>>>

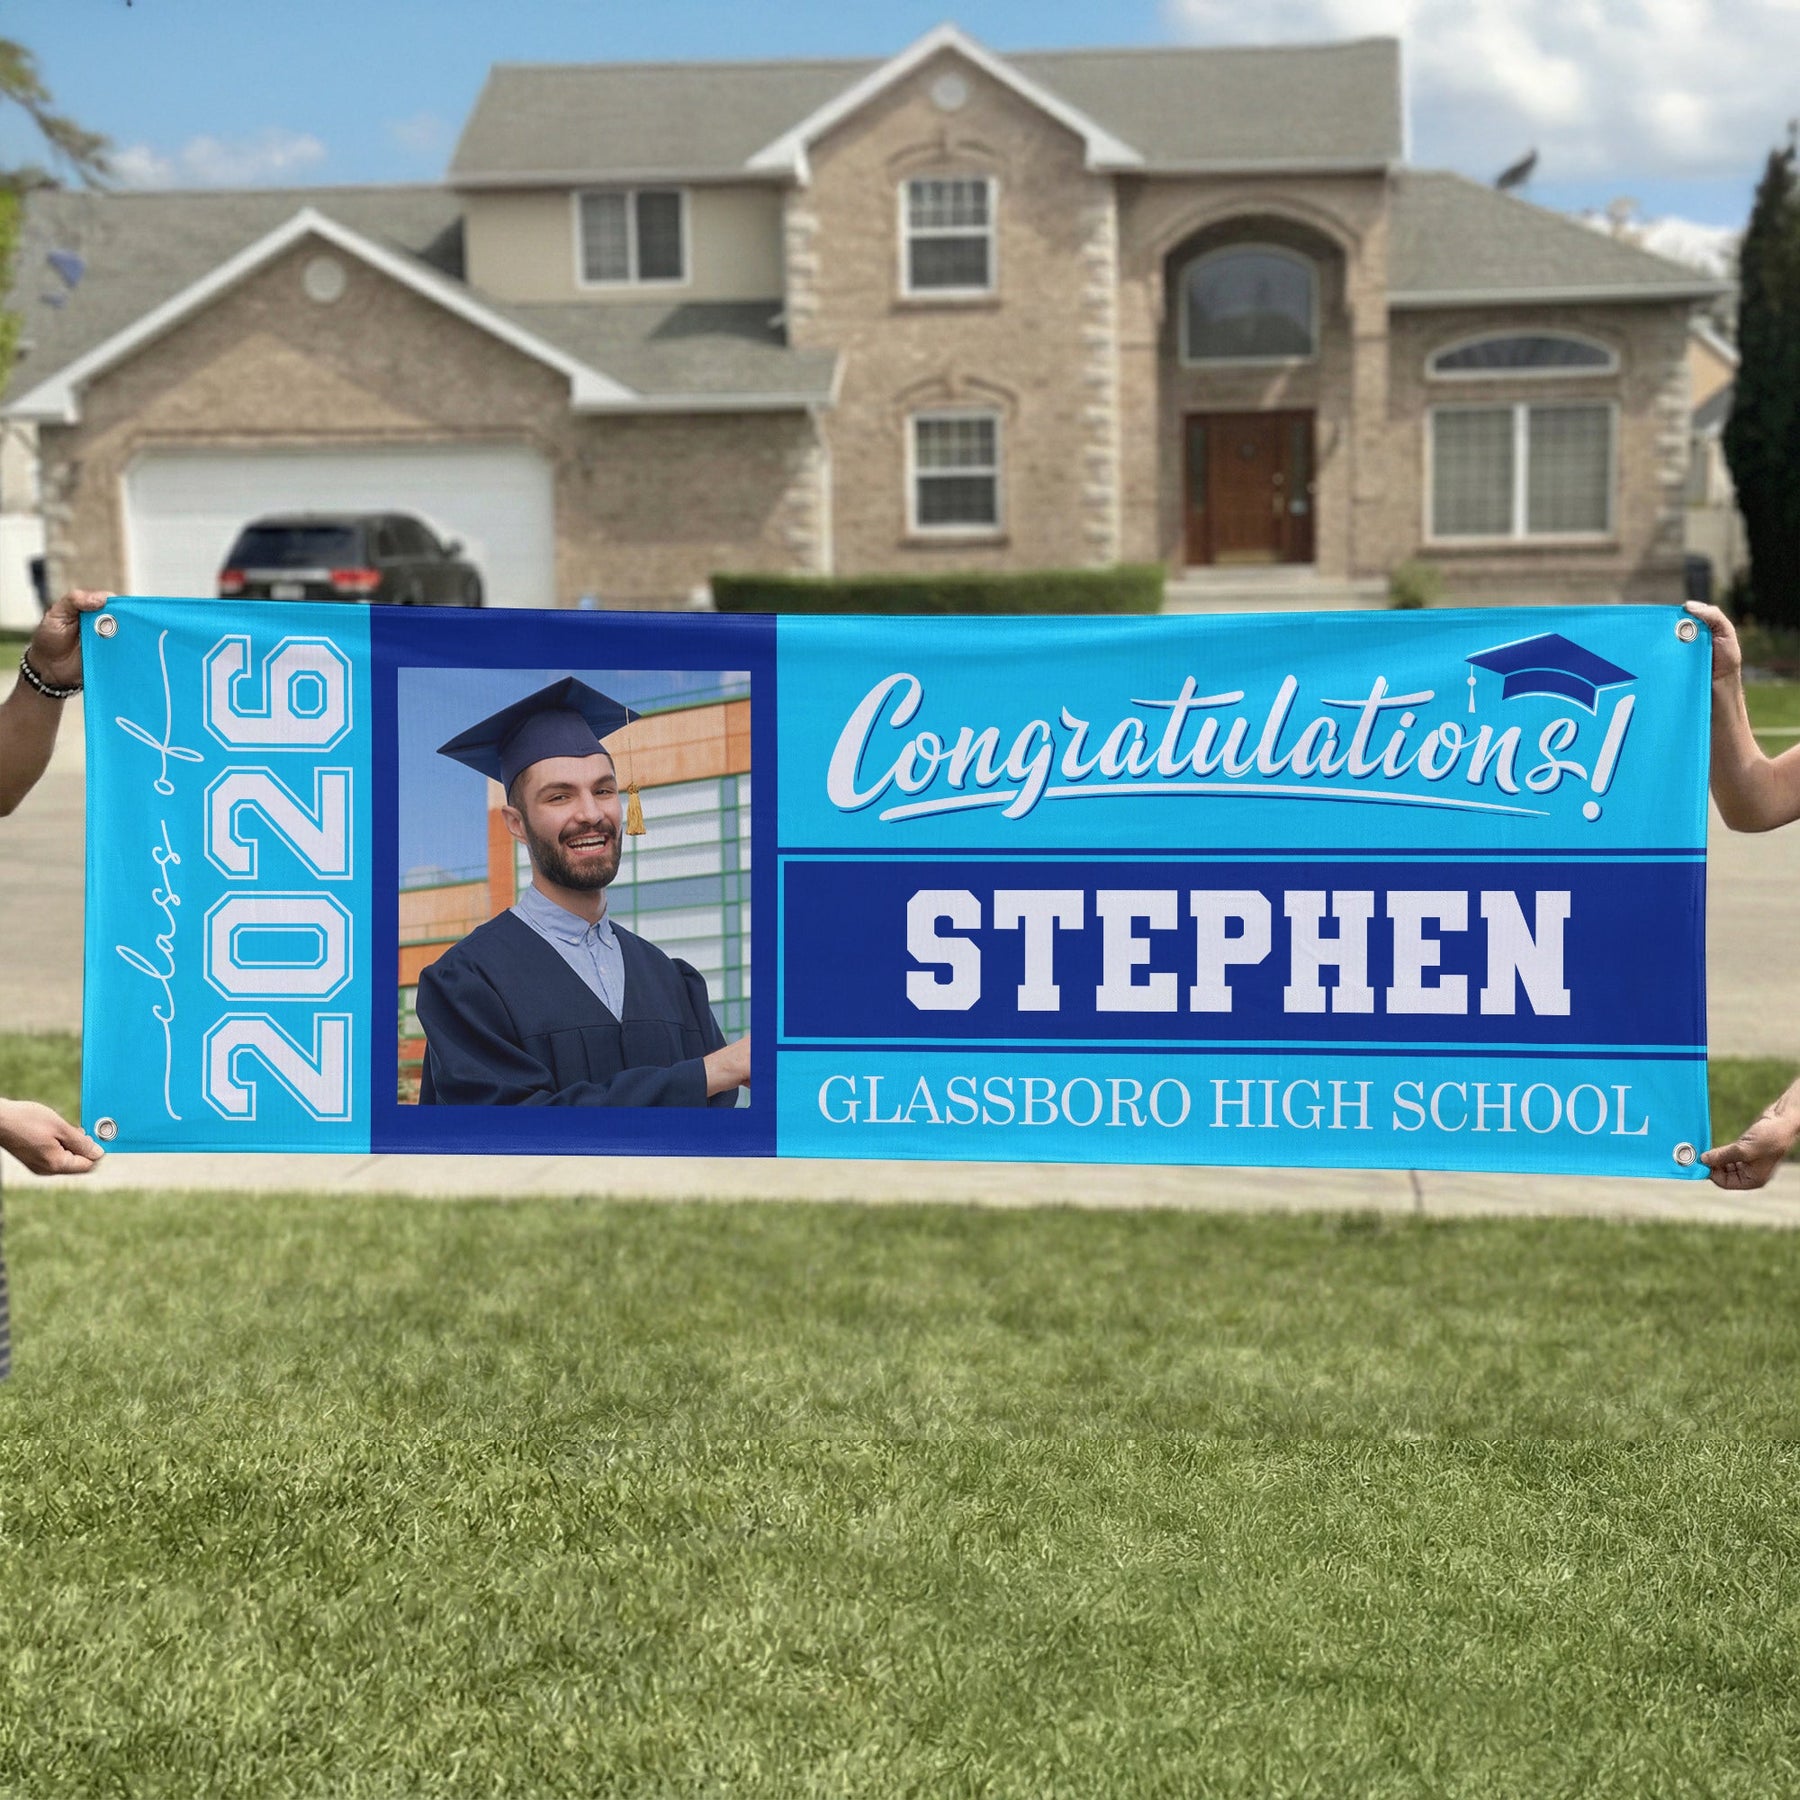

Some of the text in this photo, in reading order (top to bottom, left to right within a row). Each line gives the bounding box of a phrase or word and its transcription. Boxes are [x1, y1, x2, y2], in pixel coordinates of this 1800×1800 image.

[826, 672, 1637, 821] Congratulations!
[115, 629, 205, 1121] class of
[201, 633, 354, 1123] 2026
[906, 889, 1572, 1017] STEPHEN
[817, 1074, 1650, 1137] GLASSBORO HIGH SCHOOL
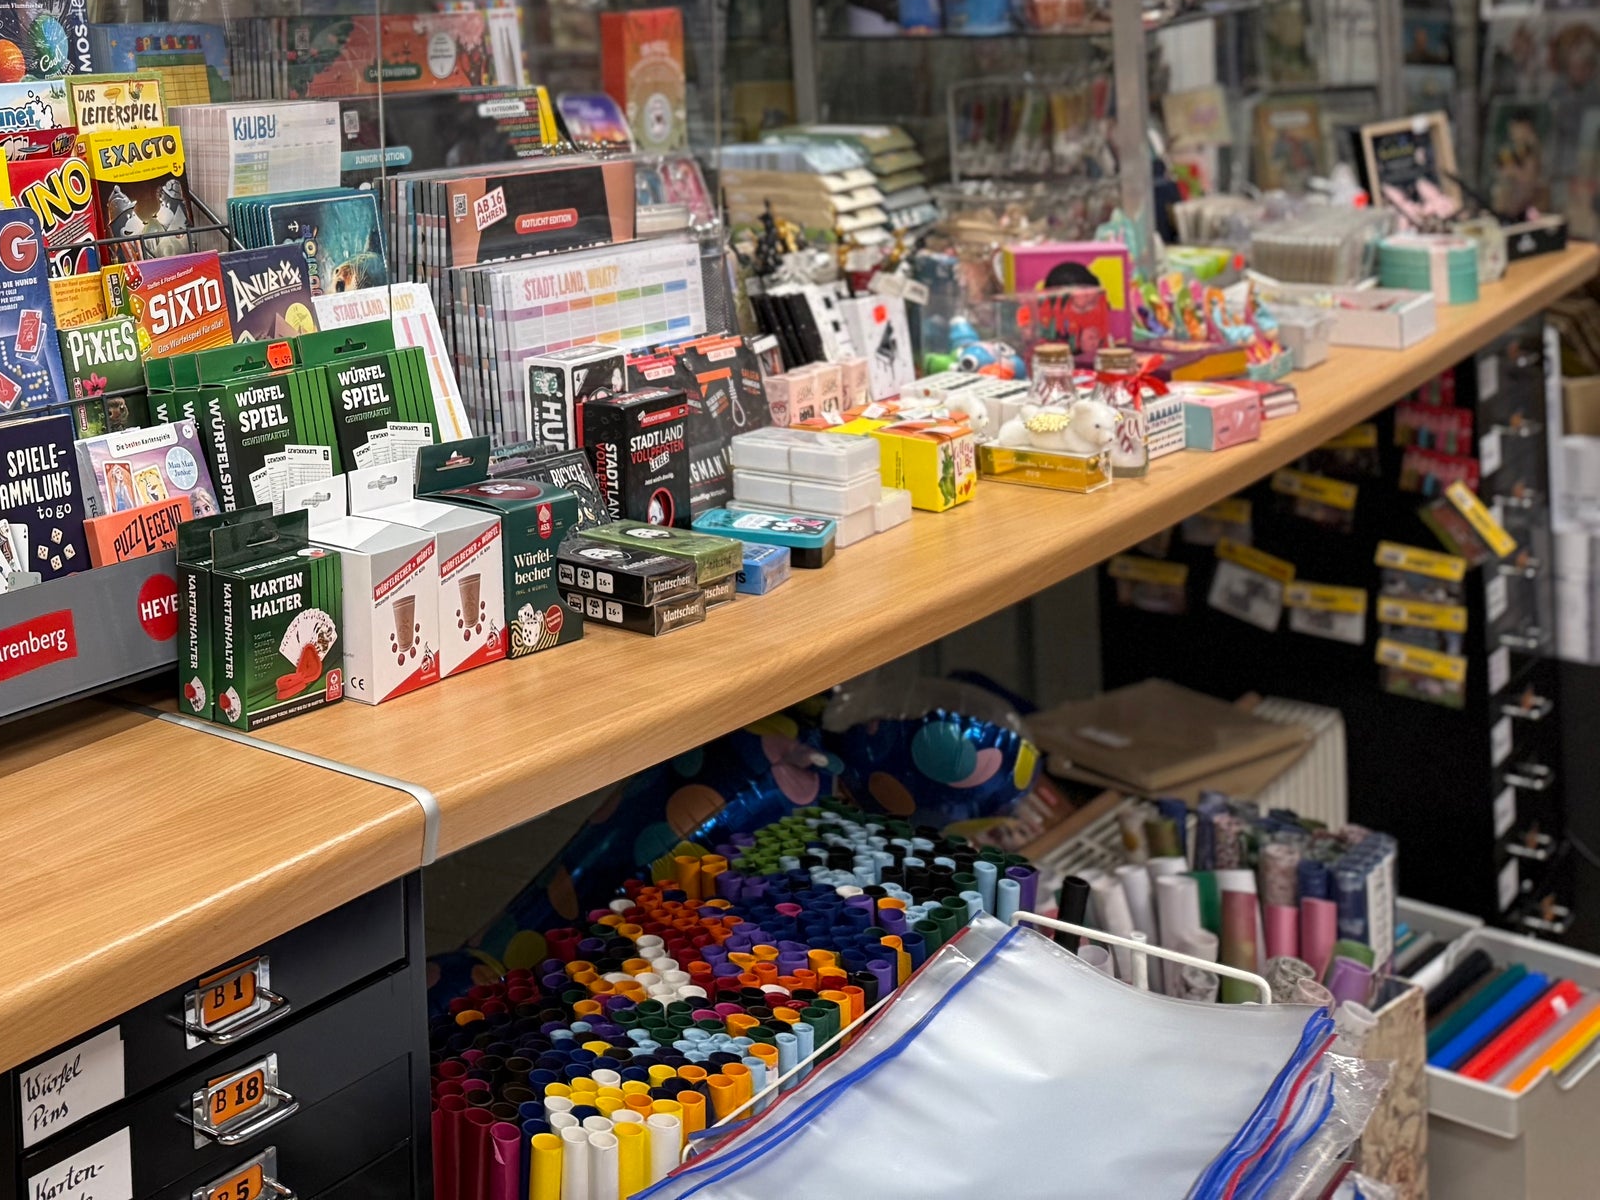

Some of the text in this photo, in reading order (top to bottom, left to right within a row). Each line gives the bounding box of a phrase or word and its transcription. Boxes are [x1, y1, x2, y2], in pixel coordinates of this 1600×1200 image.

<<<

▶ **How to complete this task**:
Reproduce each line above precisely, with no pictures.

▶ **Written response**:
Some of the text in this photo, in reading order (top to bottom, left to right within a row). Each line gives the bounding box of a phrase or word and its transcription. Boxes are [x1, y1, x2, y2], in pixel coordinates of this 1800×1800 image.

[826, 672, 1637, 821] Congratulations!
[115, 629, 205, 1121] class of
[201, 633, 354, 1123] 2026
[906, 889, 1572, 1017] STEPHEN
[817, 1074, 1650, 1137] GLASSBORO HIGH SCHOOL

Some of the text in this photo, in reading order (top to bottom, left to right within a row). Each line gives the bounding box of a phrase or word and its transcription. Boxes are [x1, y1, x2, y2], in pixel coordinates of this 1600×1200 image.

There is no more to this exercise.